For weeks now I have tried to renew a friendship that has proven to be futile in the least. I've reached out, I've called, emailed, and as you have read...I've even blogged. Although the reasons for my break up had little to do with me, my ex and I sat down and talked about what he was feeling and through that thought process decided that it would be best for that stage of our lives to come to an end. In that conversation it was said many times how much we loved one another and would truly like to remain friends. You would think that since I was the one being left that I would not encourage such a relationship, however, I was able to see that the love we shared was far more than this moment of disappointment in time.

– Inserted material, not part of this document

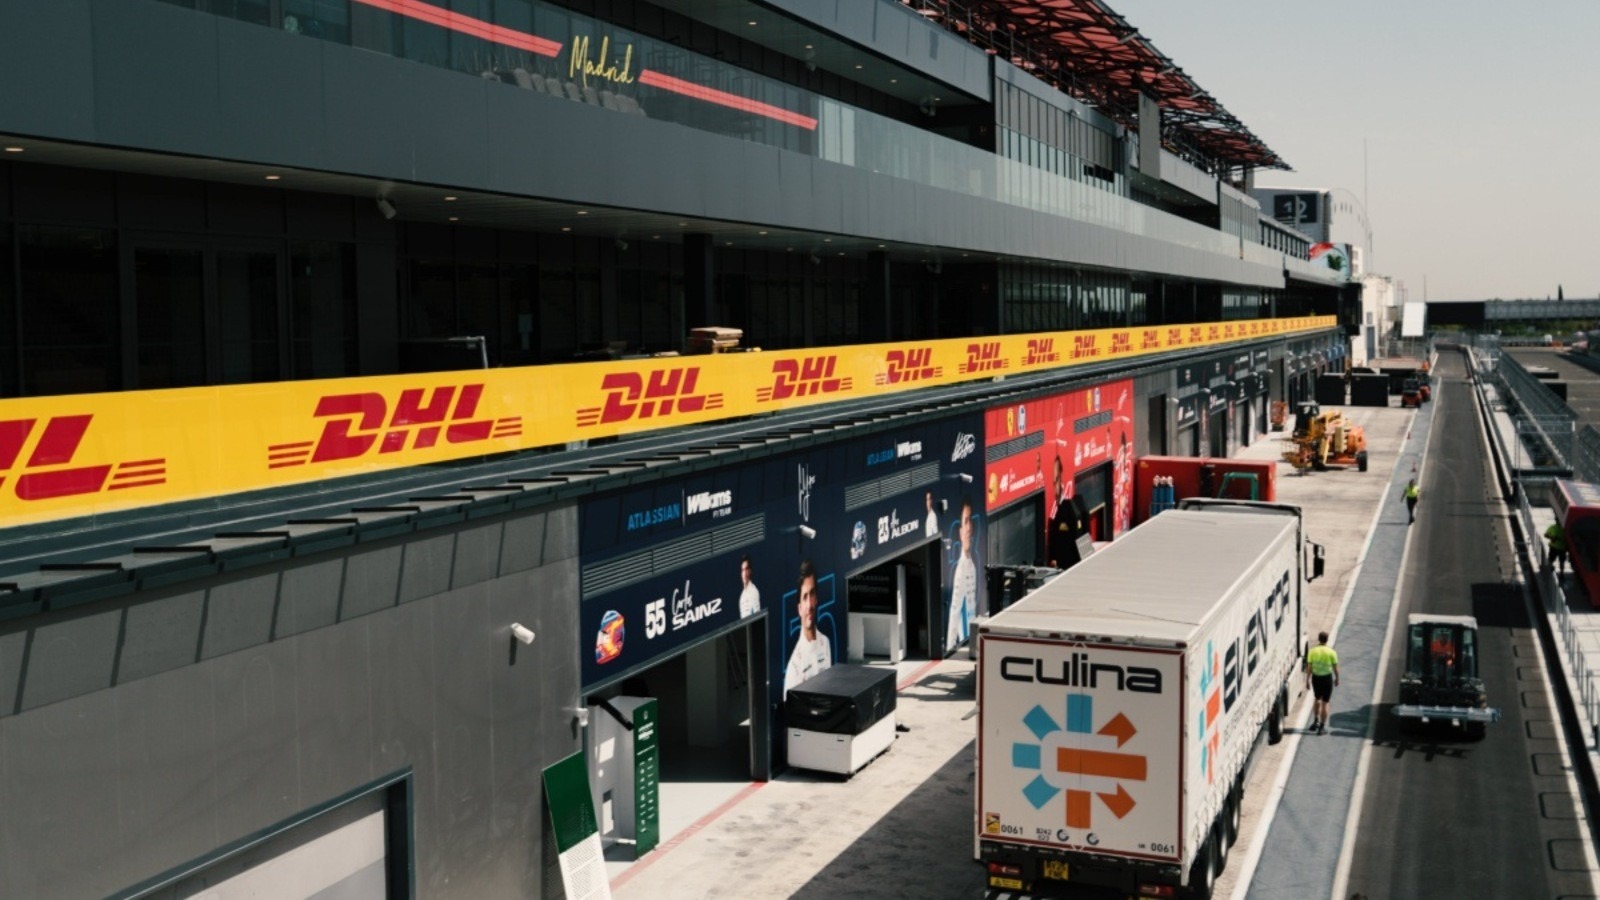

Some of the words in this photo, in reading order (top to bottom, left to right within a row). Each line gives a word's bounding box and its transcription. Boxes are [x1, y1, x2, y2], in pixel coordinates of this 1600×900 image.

To pretend that the pain, hurt, and questions didn't exist would be a lie to myself and to you. I have no reason to feel ashamed that I suffered all emotions that come along with losing someone you love. But to be honest I think the bigger pain was not fully understanding why. I couldn't understand how I could love someone like that and not be loved in return. Today I question that love at all. My efforts to remain friends have been great on my side but more like constipation on his. He seems to be backed up with emotion and simply cant open up to that stage yet. For God sake...someone give him a laxative!
I've sat and wondered why this blockage exists. Why my attempts at friendship are met with silence and a lack of caring. The little communication we do have all seem to be one or two word responses on his part. For weeks now I have beat myself up wondering what I did to deserve being treated this was. I've wondered why he would tell me he wants to be my friend and then turn around and ignore me like I don't exist...or at least until he wants something. It reminds me of the question I asked myself over and over after our split. I'd sit and ask myself "why did he ask me to move in? Why did he ask me to marry him and then do this?"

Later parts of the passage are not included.